He ran into the wind, and made it across Collins Street, grabbing for the picket fence outside the factory of the Universal Lighting Company. The building rose above him like an ice mountain from the Klondike, one of those treacherous peaks that killed men in winter and drowned them in spring, washing their bodies into the Yukon River. The black iron pickets were so cold they seemed to burn his bare hands, and he was afraid the skin would be torn off his palms. But his skin held, and he pulled himself along until he was free of the hammering force of the wind.
At Corrigan Street he repeated the process: head down, crouched, falling once, then up again, until he reached the shops untouched by the wind. Away off, about three blocks, he could see the ghostly shape of a trolley car. Its lights were on but it wasn’t moving. High above the avenue, the cables that gave the trolleys their power were quivering like bowstrings. Michael paused under the shuddering marquee of the Venus, gazing at the showcards offering The Four Feathers and Gunga Din. He’d seen both at least three times and tried to conjure warm images of India or the vast deserts of Africa, with Fuzzy Wuzzies charging in the dust and British soldiers sweating in the heat. The images only made him feel colder. And for the first time, he was afraid.
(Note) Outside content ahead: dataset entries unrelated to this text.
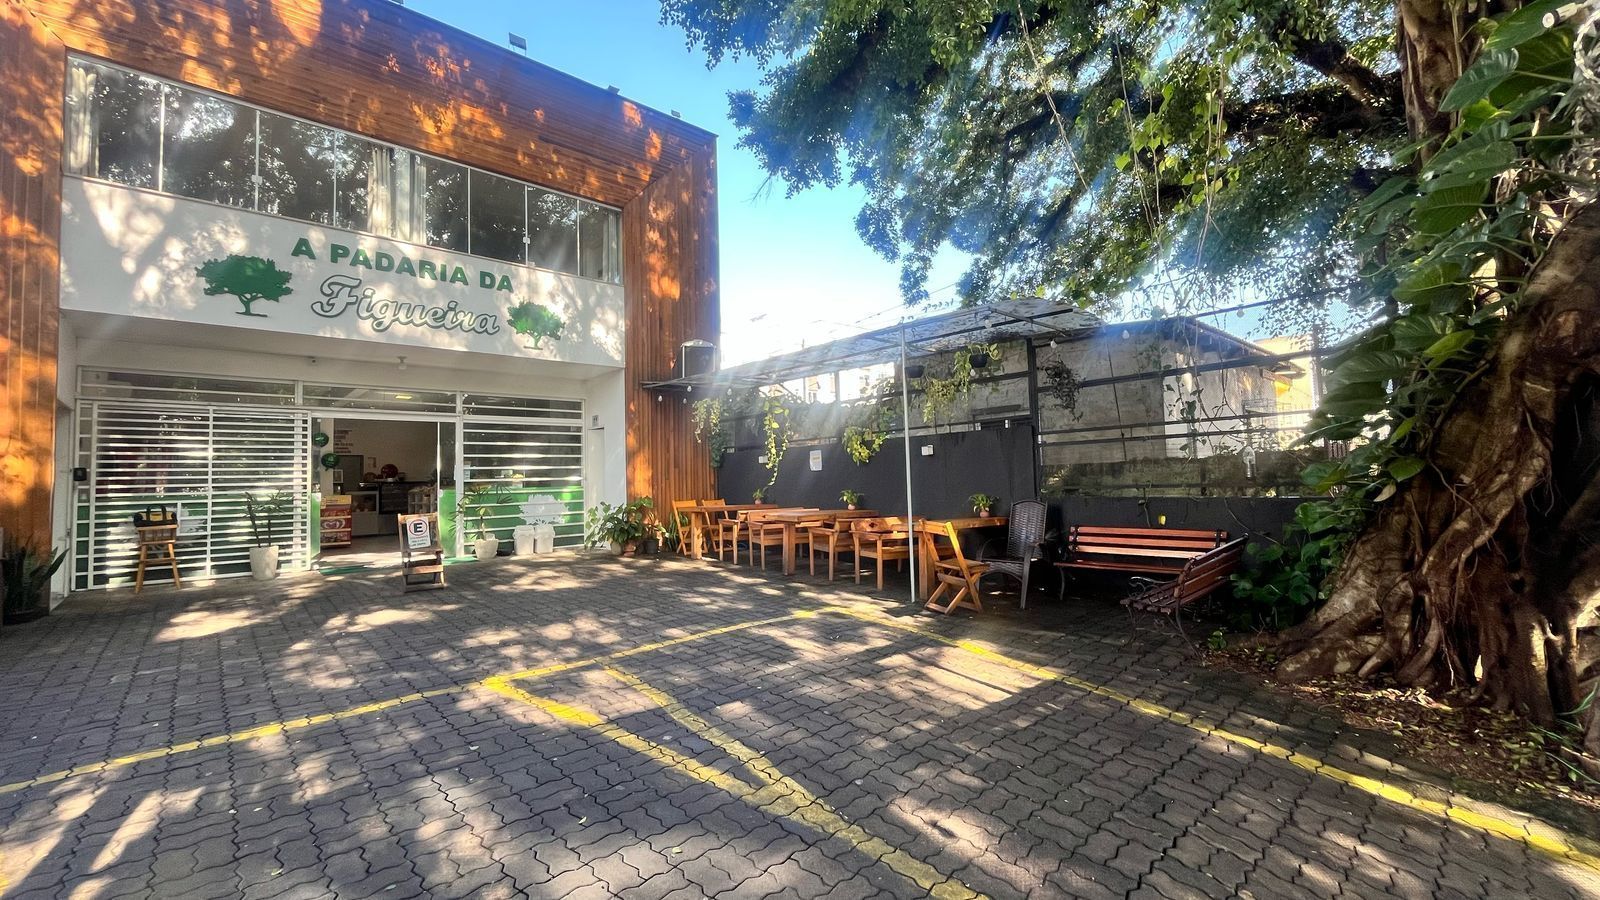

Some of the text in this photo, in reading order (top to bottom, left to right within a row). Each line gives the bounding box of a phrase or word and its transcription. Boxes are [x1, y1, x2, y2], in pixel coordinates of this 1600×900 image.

[292, 238, 513, 292] A PADARIA DA
[311, 274, 500, 334] Figueira
[413, 522, 423, 533] E
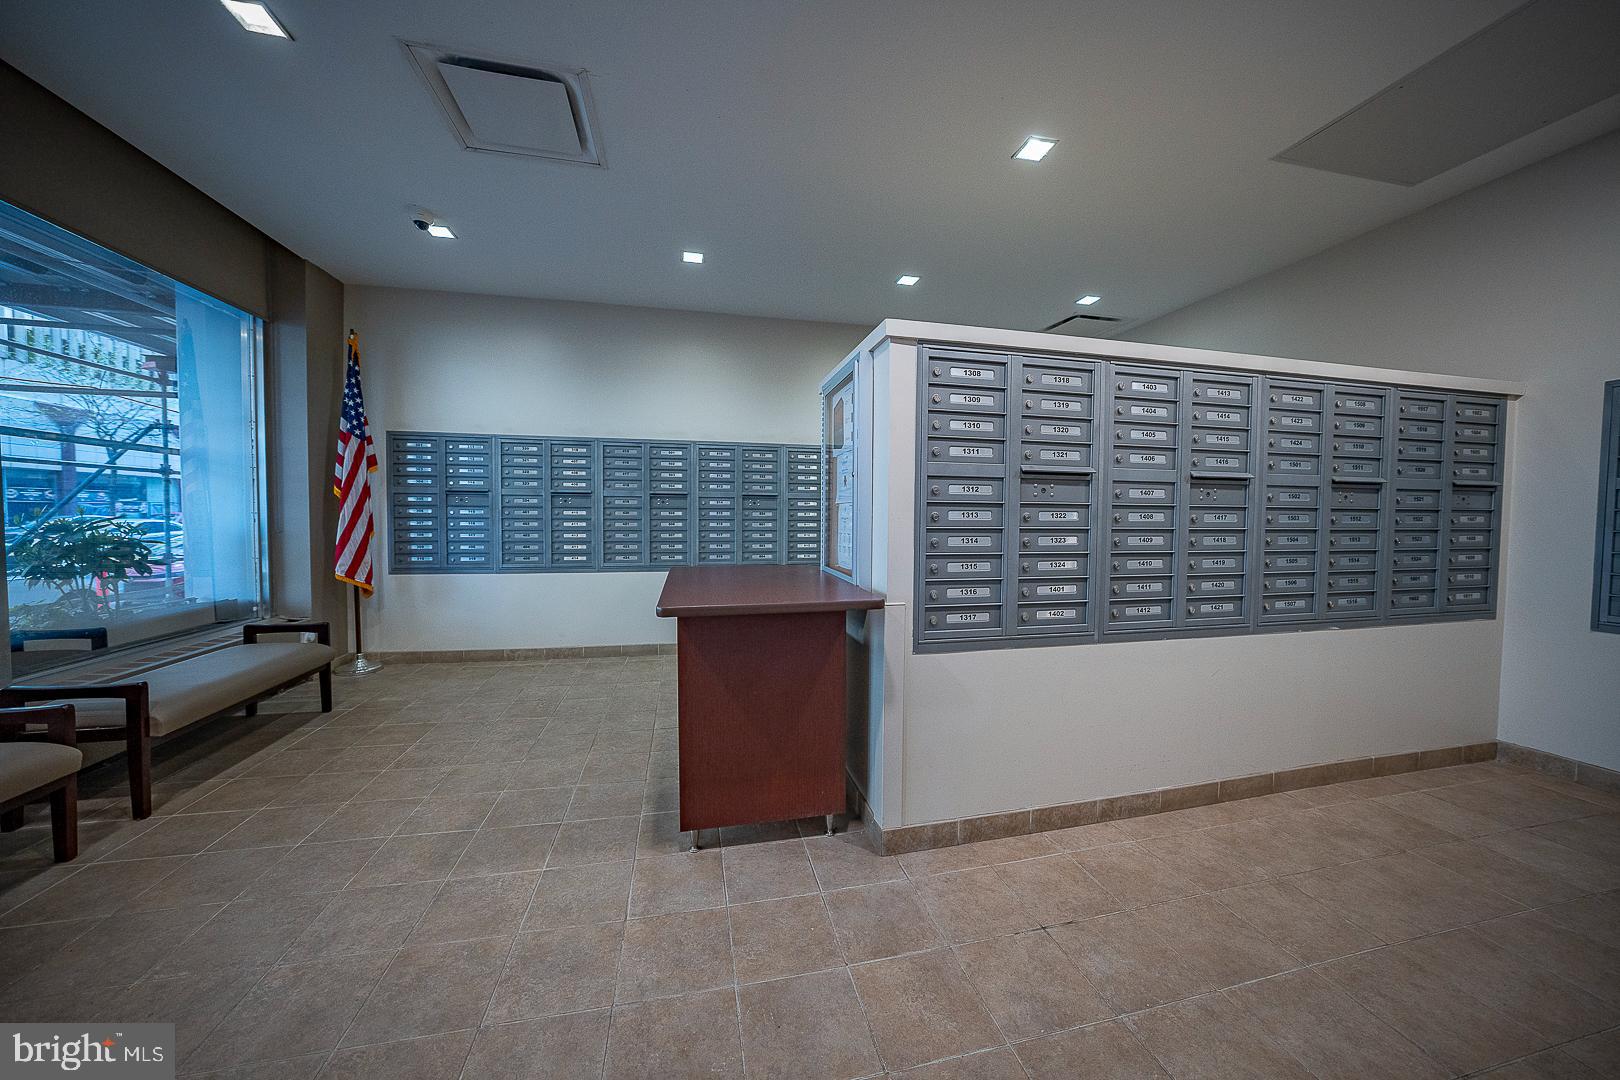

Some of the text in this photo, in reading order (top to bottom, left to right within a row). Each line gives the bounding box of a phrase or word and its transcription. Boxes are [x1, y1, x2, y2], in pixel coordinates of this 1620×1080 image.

[963, 369, 981, 377] 1308
[1053, 376, 1070, 384] 1318
[1142, 383, 1157, 391] 1403
[1217, 389, 1231, 397] 1413
[963, 395, 981, 403] 1309
[1291, 395, 1304, 403] 1422
[1053, 401, 1069, 409] 1319
[1217, 412, 1230, 420] 1414
[1053, 426, 1069, 434] 1320
[1216, 435, 1230, 443] 1415
[962, 447, 980, 455] 1311
[1141, 454, 1155, 462] 1406
[962, 485, 980, 493] 1312
[1140, 489, 1154, 497] 1407
[1051, 511, 1067, 519] 1322
[1139, 512, 1154, 520] 1408
[1214, 513, 1227, 521] 1417
[960, 536, 978, 544] 1314
[1050, 536, 1066, 544] 1323
[1138, 536, 1153, 544] 1409
[1213, 536, 1227, 544] 1418
[960, 562, 978, 570] 1315
[1138, 559, 1152, 567] 1410
[960, 587, 978, 595] 1316
[1049, 585, 1065, 593] 1401
[1210, 603, 1224, 611] 1421
[959, 613, 977, 621] 1317
I have to go now, he thought. I have to turn this corner and go up Kelly Street, past the armory, past the Jewish synagogue, have to cross MacArthur Avenue, have to turn right at the park. I have to do this now. With the wind at my back. I must go. Not just to serve mass. No. For a bigger reason. If I turn around and go home, I’ll be a goddamned coward. Nobody will see me turn and run for home. But I’ll know.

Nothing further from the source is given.